William Geake took two hasty turns up and down the little parlour. His Bible, in which before breakfast he had been searching for a text, lay open on the side table. Behind its place on the shelf was a small skivet he had let into the wall; and in that drawer was stored something over twenty-five pounds, the third of his savings. Geake kept a bank-account, and the balance lay at interest with Messrs. Climo and Hodges, of St. Austell. But he had the true countryman's aversion to putting all his eggs in one basket; and although Messrs. Climo and Hodges were safe as the Bank of England, preferred to keep this portion of his wealth in his own stocking. He closed the Bible hastily; rammed it back, upside down, in its place; then took it out again, and stood holding it in his two hands and trembling. He was living in sin: he was minded to sin yet deeper. And yet what had he done to deserve Naomi in comparison with the unspeakable tribulations this simple mariner had suffered? Sure, God must have preserved the fellow with especial care, and of wise purpose brought him through shipwreck, famine, and madness home to his lawful wife. The man had made Naomi a good husband. Had William Geake made her a better? (Husband?)--here he dropped the Bible down on the table again as if it burned his fingers. Whatever had to be done must be done quickly. Here was the innocent wrecker of so much happiness hanging on his lips for the next word, watching wistfully for his orders, like any spaniel dog. And Naomi would be back before nightfall. God was giving him no time: it was unfair to hustle a man in this way. In the whirl of his thoughts he seemed to hear Naomi's footfall drawing nearer and nearer home. He could almost upbraid the Almighty here for leaving him and Naomi childless. A child would have made the temptation irresistible.

"I wish a'most that I'd never called, if it puts you out so terrible," was the wanderer's plaintive remark after two minutes of silent waiting.

This sentence settled it. The temptation _was_ irresistible. Geake unlocked the skivet, plunged a hand in and banged down a fistful of notes on the table.
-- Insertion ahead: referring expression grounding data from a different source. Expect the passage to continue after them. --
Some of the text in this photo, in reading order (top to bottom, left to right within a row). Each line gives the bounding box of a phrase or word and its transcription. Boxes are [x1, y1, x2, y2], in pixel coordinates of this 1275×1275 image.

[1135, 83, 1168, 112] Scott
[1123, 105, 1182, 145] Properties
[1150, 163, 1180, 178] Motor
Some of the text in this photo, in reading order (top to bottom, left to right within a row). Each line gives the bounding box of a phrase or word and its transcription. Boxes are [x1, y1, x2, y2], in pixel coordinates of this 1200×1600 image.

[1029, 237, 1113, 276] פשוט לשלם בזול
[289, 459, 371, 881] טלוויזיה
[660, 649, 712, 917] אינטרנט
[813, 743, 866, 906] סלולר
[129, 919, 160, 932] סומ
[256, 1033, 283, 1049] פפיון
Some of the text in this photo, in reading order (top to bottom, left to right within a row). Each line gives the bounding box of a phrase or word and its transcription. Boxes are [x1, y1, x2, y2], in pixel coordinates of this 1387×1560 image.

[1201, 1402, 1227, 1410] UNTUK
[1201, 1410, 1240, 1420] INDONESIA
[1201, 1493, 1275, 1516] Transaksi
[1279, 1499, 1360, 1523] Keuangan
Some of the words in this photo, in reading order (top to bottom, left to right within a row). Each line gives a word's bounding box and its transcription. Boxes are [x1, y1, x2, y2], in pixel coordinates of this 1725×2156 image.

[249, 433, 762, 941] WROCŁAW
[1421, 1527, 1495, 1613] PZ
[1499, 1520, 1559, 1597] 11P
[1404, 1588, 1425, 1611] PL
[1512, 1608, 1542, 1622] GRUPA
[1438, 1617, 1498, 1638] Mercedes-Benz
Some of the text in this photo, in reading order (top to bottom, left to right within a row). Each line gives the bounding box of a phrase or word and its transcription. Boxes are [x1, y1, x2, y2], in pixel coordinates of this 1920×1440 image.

"Here," said he; "here's five-an'-twenty pound'. You shall have it all if you'll go straight out o' this door an' back to America."


IV.

Half-an-hour later, William Geake was standing by his garden-gate again. Every now and then he glanced down the road towards St. Austell, and after each glance resumed his nervous picking at the blister of green paint that had troubled him earlier in the day. He was face to face with a new and smaller, but sufficiently vexing, difficulty. Abe Bricknell had gone, taking with him the five five-pound notes. So far so good, and cheap at the price. But the skivet was empty: and the day was Saturday: and every Saturday evening, as regularly as he wound up the big eight-day clock in the kitchen, Naomi and he would sit down and count over the money. True he had only to go to St. Austell and Messrs. Climo and Hodges would let him draw five new notes. The numbers would be different, and Naomi (prudent woman) always took note of the numbers: but some explanation might be invented. The problem was: How to get to St. Austell and back before Naomi's return? The distance was too great to be walked in the time; and besides, the coffin must be ready by nightfall. He had promised it; he was known for a man of his word; and owing to the morning's interruption it would be a tough job to finish, at the best. There was no help for it; and--so easy is the descent of Avernus--Geake's unaccustomed wits were already wandering in a wilderness of improbable falsehoods, when he heard the sound of wheels up the road, and Long Oliver came along in Farmer Lear's red-wheeled trap and behind Farmer Lear's dun-coloured mare. As he drew near at a trot he eyed Geake curiously, and for a moment seemed inclined to pull up, but thought better of it, and was passing with no more than a nod of the head and "good-day."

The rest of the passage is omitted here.